Picture credit: hindustantimes.com
Picture credit: hindustantimes.com

 

While paging through the withered pages of past, one might have run into a string of Ramdan fiestas hosted by Vajpayee when he was at the helm of affairs. Generally considered as a friendly gesture to address the largest minority of the nation, which kicked off with Jawaharlal Nehru’s close-knitted Iftar banquets, the ceremony over the period of time has hit a crooked path.

The pure spirit of Iftar has shriveled up. With the kind of grandeur demonstrated by the Iftar parties, the political maneuvering being exhibited and the paparazzi predominant during such parties, Iftar has somewhere down the line parted ways with its real essence – a customary which encompasses brotherhood and sodality.

Starting from the much celebrated Aam Aadmi, Arvind Kejriwal, to that of Congress’s chief, Sonia Gandhi, every who’s who in the political circle is trying to play their best cards through their customized versions of Iftar politics.

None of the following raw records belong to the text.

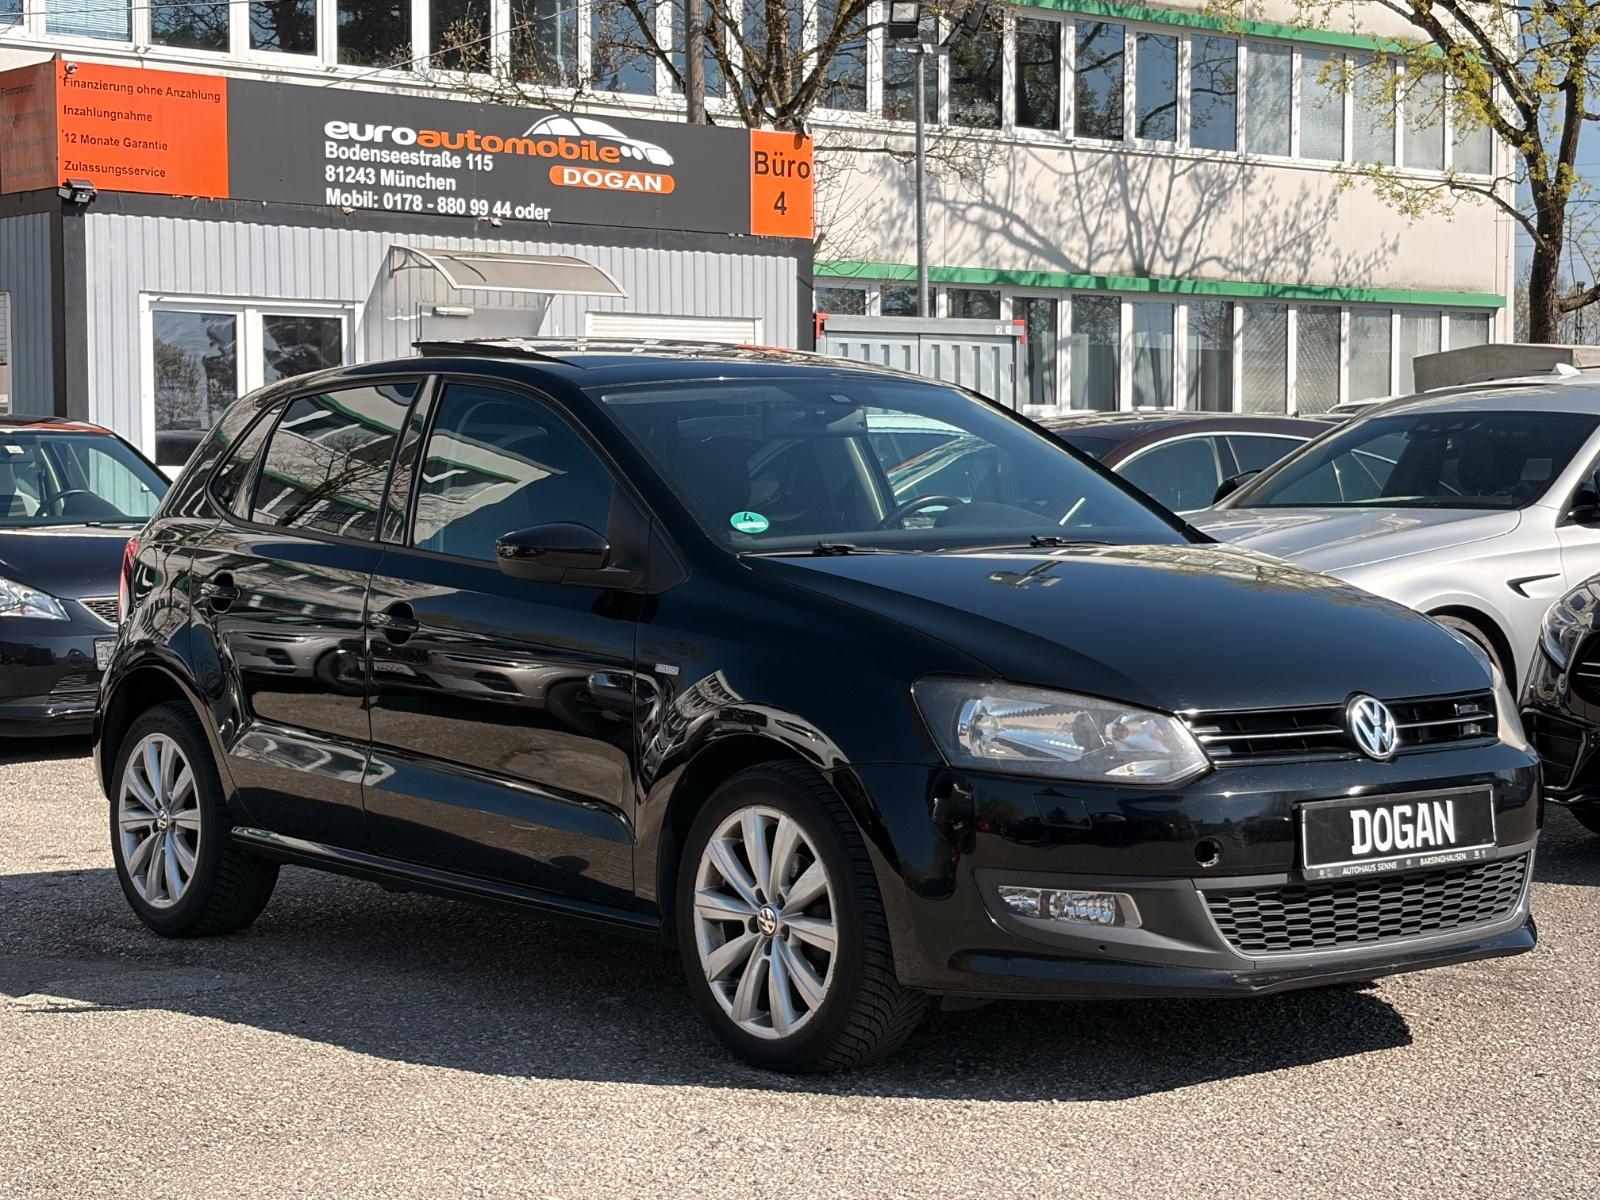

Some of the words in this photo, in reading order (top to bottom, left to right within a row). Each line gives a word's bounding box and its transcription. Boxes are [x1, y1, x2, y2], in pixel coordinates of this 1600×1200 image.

[63, 77, 134, 95] Finanzierung
[136, 85, 163, 97] ohne
[165, 86, 221, 103] Anzahlung
[63, 104, 153, 122] Inzahlungnahme
[64, 132, 77, 144] 12
[80, 134, 120, 147] Monate
[123, 138, 168, 151] Garantie
[325, 141, 461, 169] Bodenseestraße
[466, 153, 493, 171] 115
[754, 151, 811, 179] Büro
[64, 160, 166, 178] Zulassungsservice
[325, 165, 375, 184] 81243
[380, 169, 456, 191] München
[563, 168, 662, 192] DOGAN
[325, 188, 379, 209] Mobil:
[383, 192, 423, 212] 0178
[436, 196, 466, 215] 880
[470, 199, 489, 217] 99
[492, 200, 511, 218] 44
[514, 203, 551, 221] oder
[773, 191, 787, 216] 4
[743, 512, 754, 522] 4
[1350, 800, 1456, 855] DOGAN
[1342, 865, 1376, 876] AUTOHAUS
[1377, 861, 1398, 871] SENNE
[1419, 852, 1467, 866] BARSINGHAUSEN

Kejriwal’s Iftar was nothing less than a show-stopper in the midst of a political labyrinth. His foeman, Najeeb Jung and his much talked of predecessor Sheila Dikshit were found sharing candid snapshots with him, they were all smiles and hugs in the party. Even though the new found bonhomie might have raised millions of eyebrows, it clearly commemorated the true meaning of Iftar, especially when it has been emblazoned with political colours.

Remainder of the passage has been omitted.